El modelo económico socialista que rige en Cuba se ha mostrado incapaz, pese a su "actualización", de concretar una mejora sustancial del bienestar de los ciudadanos, con una tasa de desempleo real del 30 % y un PIB "bajo y en declive", apuntaron en Miami (EE.UU.) dos economistas.

Las reformas impulsadas desde 2007 en Cuba por el presidente Raúl Castro, constreñidas al ámbito económico, encuentran en el propio modelo el principal obstáculo para sacar al país de la "situación precaria socioeconómica" que lo paraliza, coincidieron dos economistas en una conferencia celebrada por la Asociación para el Estudio de la Economía Cubana (ASCE).

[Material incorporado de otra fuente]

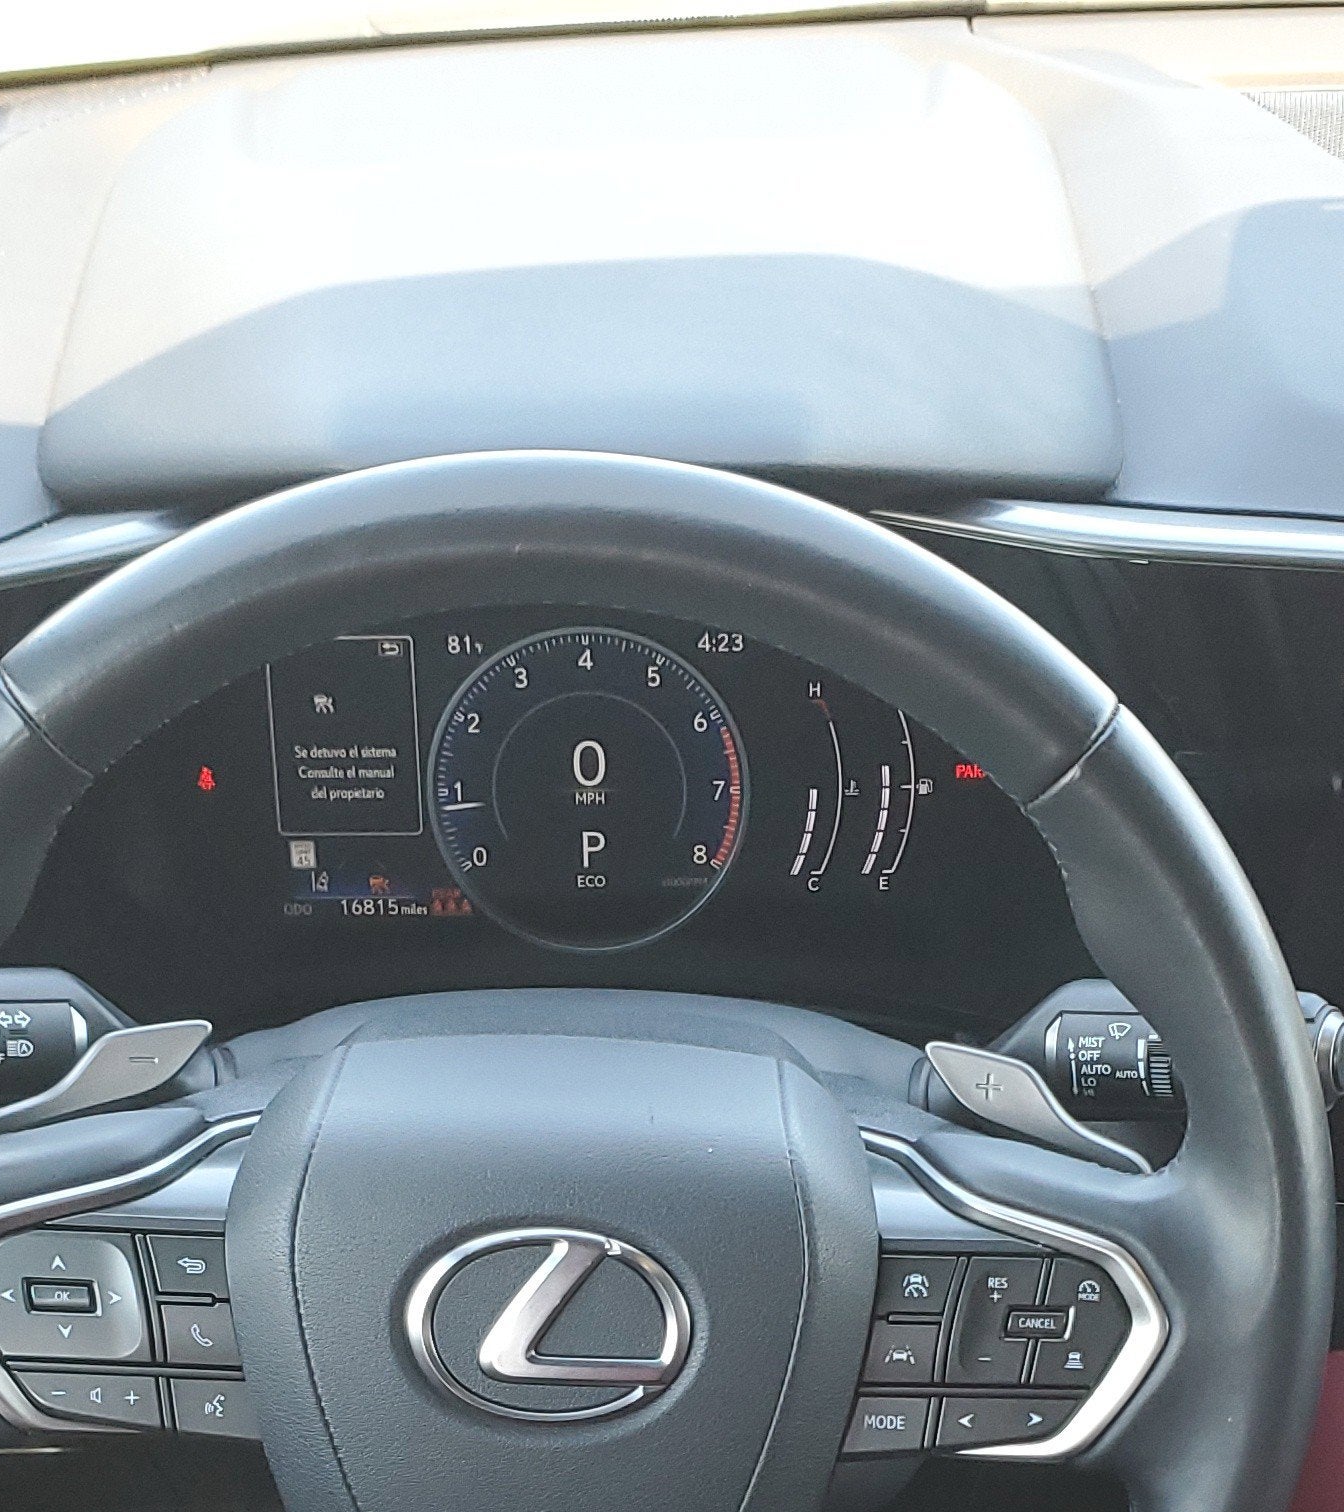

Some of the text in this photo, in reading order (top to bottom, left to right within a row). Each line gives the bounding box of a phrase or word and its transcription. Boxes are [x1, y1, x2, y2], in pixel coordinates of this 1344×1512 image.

[697, 633, 744, 652] 4:23
[578, 649, 593, 670] 4
[515, 668, 528, 689] 3
[647, 666, 660, 687] 5
[809, 681, 821, 697] H
[468, 713, 480, 733] 2
[693, 712, 707, 732] 6
[295, 744, 396, 758] Se detuvo el sistema
[298, 763, 395, 778] Consulte el manual
[573, 740, 606, 787] 0
[956, 764, 986, 779] PAR
[311, 785, 385, 802] del propietario
[454, 781, 462, 802] 1
[712, 780, 724, 801] 7
[575, 792, 605, 805] MPH
[473, 848, 487, 866] 0
[582, 831, 606, 868] P
[693, 844, 707, 864] 8
[576, 875, 606, 888] ECO
[808, 877, 820, 891] C
[879, 877, 890, 891] E
[284, 899, 428, 915] ODO 16815 miles
[1078, 1036, 1106, 1048] MIST
[1078, 1050, 1101, 1061] OFF
[1081, 1064, 1112, 1075] AUTO
[1116, 1070, 1138, 1079] AUTO
[1081, 1077, 1097, 1087] LO
[987, 1276, 1009, 1289] RES
[54, 1291, 70, 1302] OK
[1077, 1292, 1101, 1303] MODE
[1018, 1317, 1057, 1330] CANCEL
[864, 1414, 906, 1431] MODE
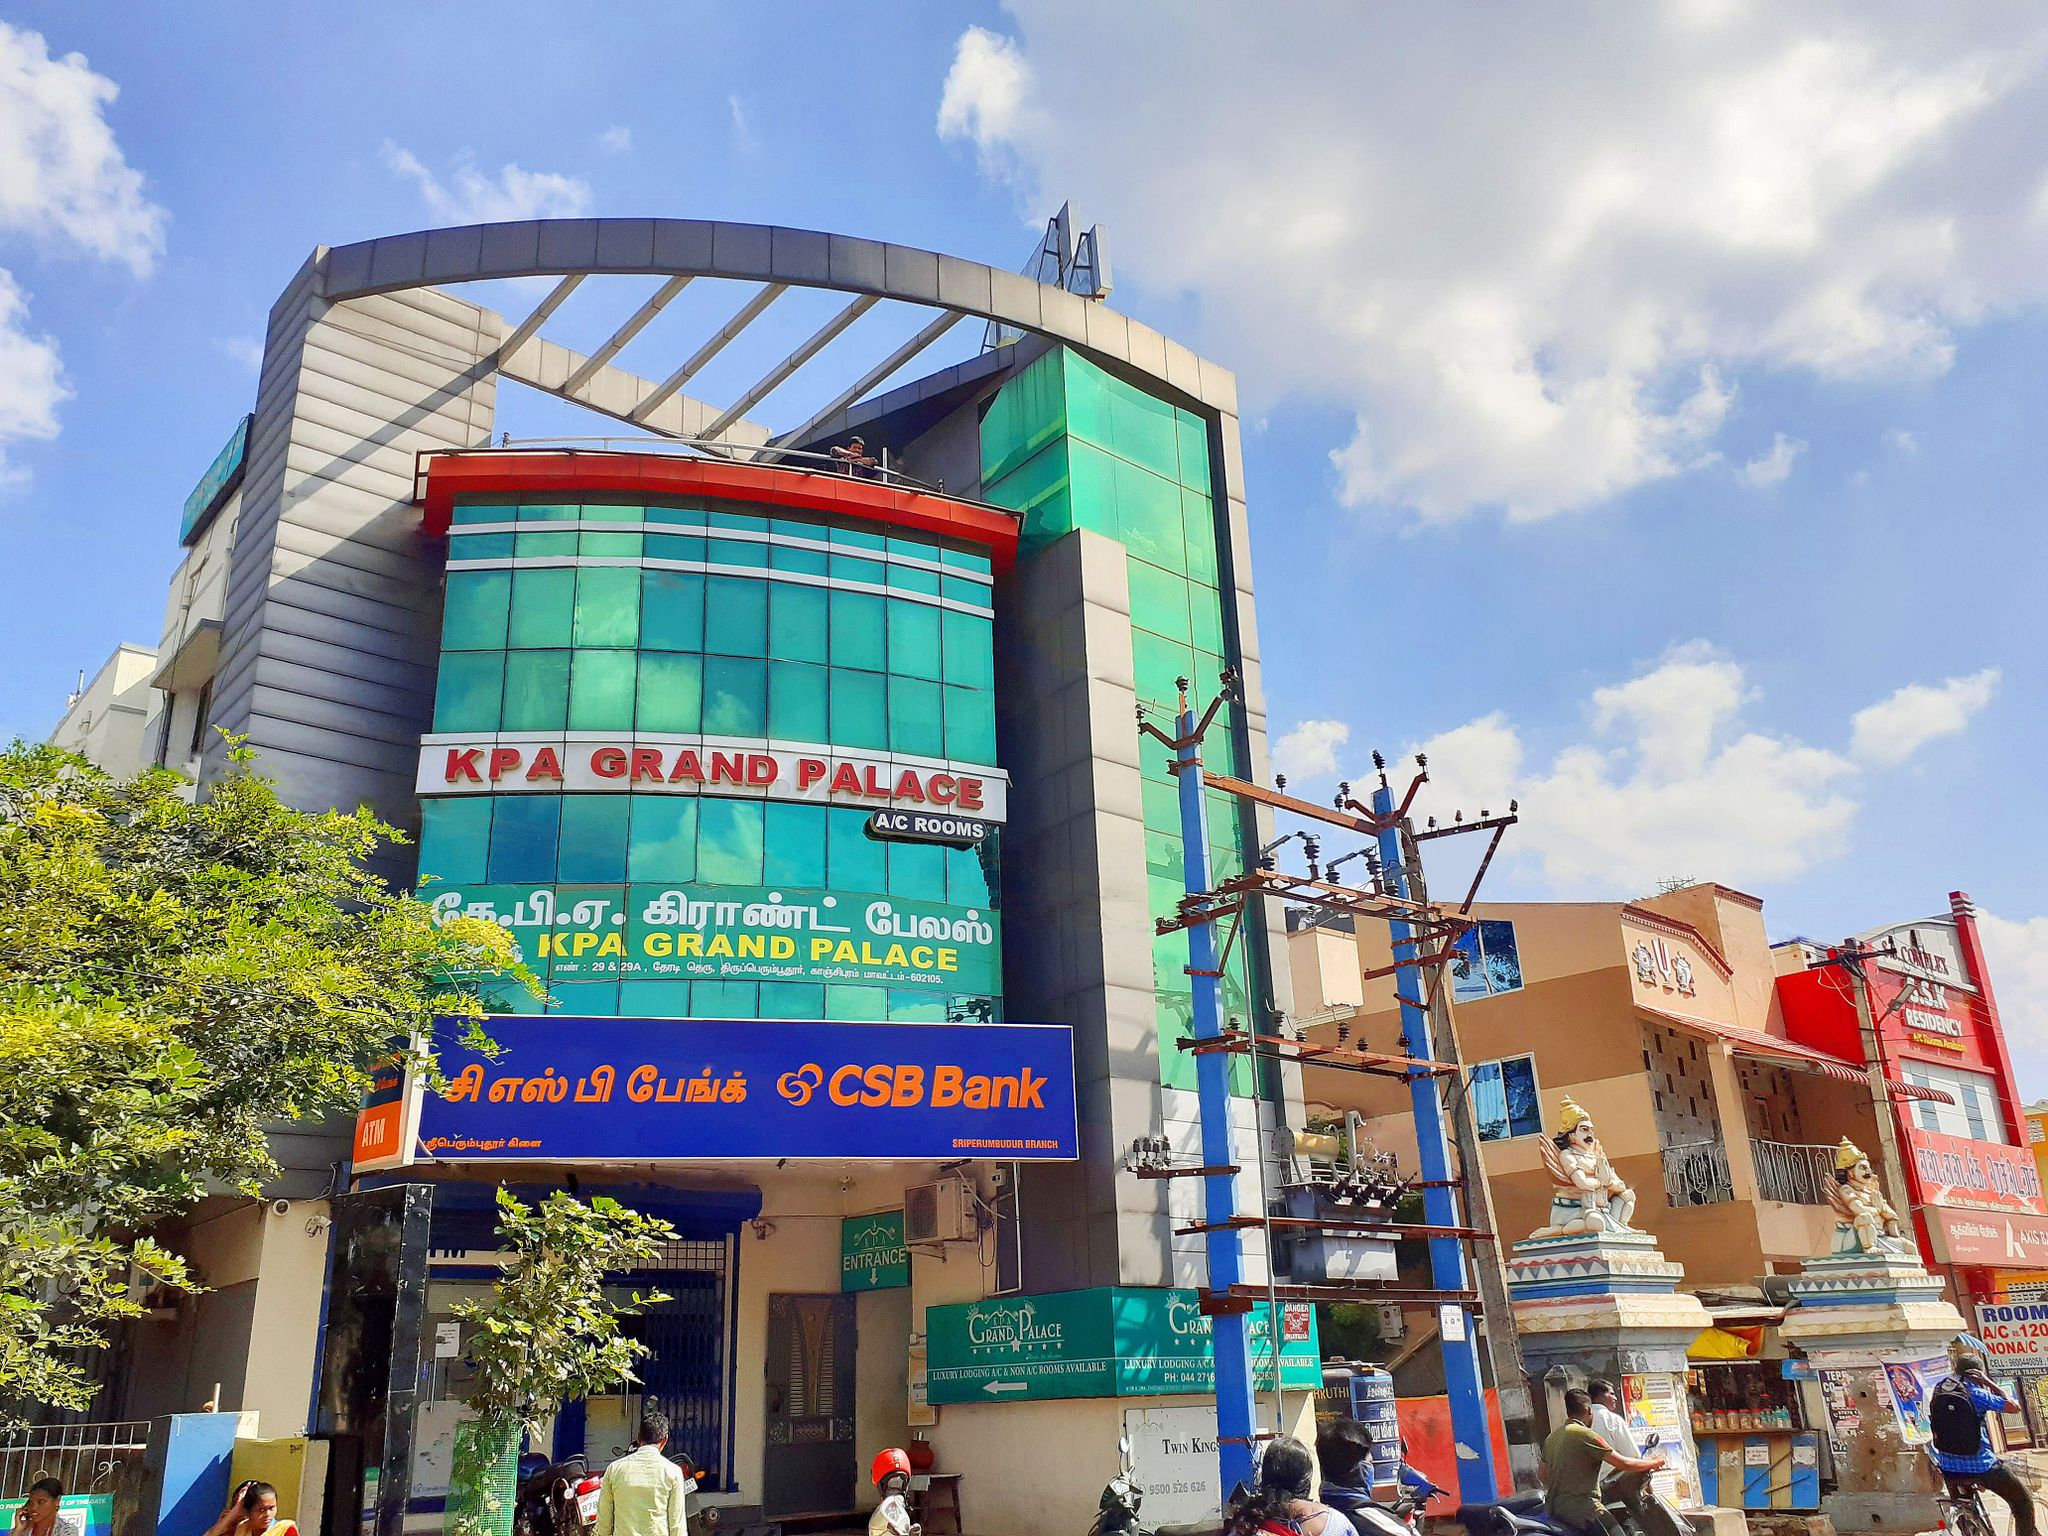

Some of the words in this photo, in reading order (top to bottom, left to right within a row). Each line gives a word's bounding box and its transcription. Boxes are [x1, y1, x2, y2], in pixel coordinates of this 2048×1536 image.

No se trata simplemente de un momento de "desaceleración" de la economía nacional, sino que el carácter "inflexible" del poder político y el "control" ejercido por el Partido Comunista generan un sistema improductivo y cimentado todavía en la "colectivización", destacó Rolando Castañeda, exconsultor del Banco Interamericano de Desarrollo (BID)
 
Es precisamente esa "preponderancia del poder central" y la rigidez de las regulaciones un factor desalentador que mina las "limitadas reformas" emprendidas, tales como el alquiler de tierras cultivables, el trabajo por cuenta propia o el funcionamiento de las cooperativas agrícolas, puntualizó Catañeda.
 
Al final, las reformas impulsadas por Castro sólo "han mantenido las características básicas del sistema imperante" en Cuba, advirtió.
 
Reconoció a Efe que "sí ha habido cambios" en la isla; pero que, "si uno se pone a ver, Cuba viene haciendo cambios en los últimos 34 años en varias áreas".
 
En ese contexto, calificó las reformas "raulistas" de "marginales", "no sustantivas", a diferencia de las realizadas en China, lo que impide a la larga, sentenció, generar una "transformación real" en la maltrecha economía cubana.
 
Para Joaquín Pujol, exfuncionario del Fondo Monetario Internacional (FMI), una nación como la cubana, dependiente en un 80 % de la importación de alimentos y del suministro de energía de Venezuela, necesita llevar a cabo "profundas reformas estructurales" para alcanzar un nivel de productividad que saque al país del estancamiento.
 
Entre los problemas estructurales que paralizan la economía de la nación caribeña, Pujol mencionó la distorsión de precios, la corrupción burocrática, la lentitud en el pago a los agricultores, con una incidencia especial de la Unión Nacional de Acopio (UNA), una organización de dirección empresarial que se ha encargado de comercializar y distribuir productos agrícolas.
 
En este sector, los agricultores se encuentran en una situación de "escasez de fertilizantes, pesticidas y equipo proporcionado por el monopolio estatal", con una "tierra disponible infestada de (vegetación) marabú".
 
En total, un millón de hectáreas y de terreno arable "permanece sin cultivar", es decir, el 16 % del total de tierra disponible para esta actividad, y la producción se ha estancado, puso de relieve.
"Hacen falta sustanciales reformas estructurales" o, de lo contrario, no se alcanzará la "estabilidad y los logros" necesarios para impulsar la marcha de la economía cubana, coincidió con Castañeda.
 
Una valoración más optimista manifestó en la conferencia Gary Maybarduk, exfuncionario de alto rango del Departamento de Estado de EE.UU., quien comentó sus experiencias más recientes en Cuba, a la que no había vuelto desde hacía quince años.
 
Maybarduk contó su encuentro con "cuentapropistas, economistas y cubanos de la calle" y aseguró que, si bien todos ellos consideraban que "el viejo modelo fue un fracaso", no mostraban "las expresiones de enfado" que detectó entre 1997 y 1999, el período en que residió en la isla como consejero económico de la Sección de Intereses estadounidense en La Habana.
 
Comentó que Fidel Castro parece haberse convertido para la población en una suerte de "abuelo irrelevante y excéntrico", mientras que su hermano Raúl es, "sorprendentemente", un líder con "poco crédito por las reformas económicas" impulsadas.
 
Expresó la positiva impresión que le causó contemplar las fachadas de la casas pintadas, los numerosos restaurantes que encontró a su paso, en barrios como Miramar y Vedado, la gente mejor vestida o la presencia de más tiendas... "¡hasta una ferretería!, exclamó.
 
Los cubanos, a los que percibió Maybarduk "aburridos y apáticos" en relación con la política, quieren, sostuvo, que el Gobierno saque las manos de la economía, excepto en el área de cuidado de la salud y educación.
 
Se refirió a los "emprendedores cubanos", quienes reclaman "capital de inversión y no lo tienen", y a los economistas de la isla, que coinciden en que el "futuro del crecimiento de la economía depende del capital extranjero".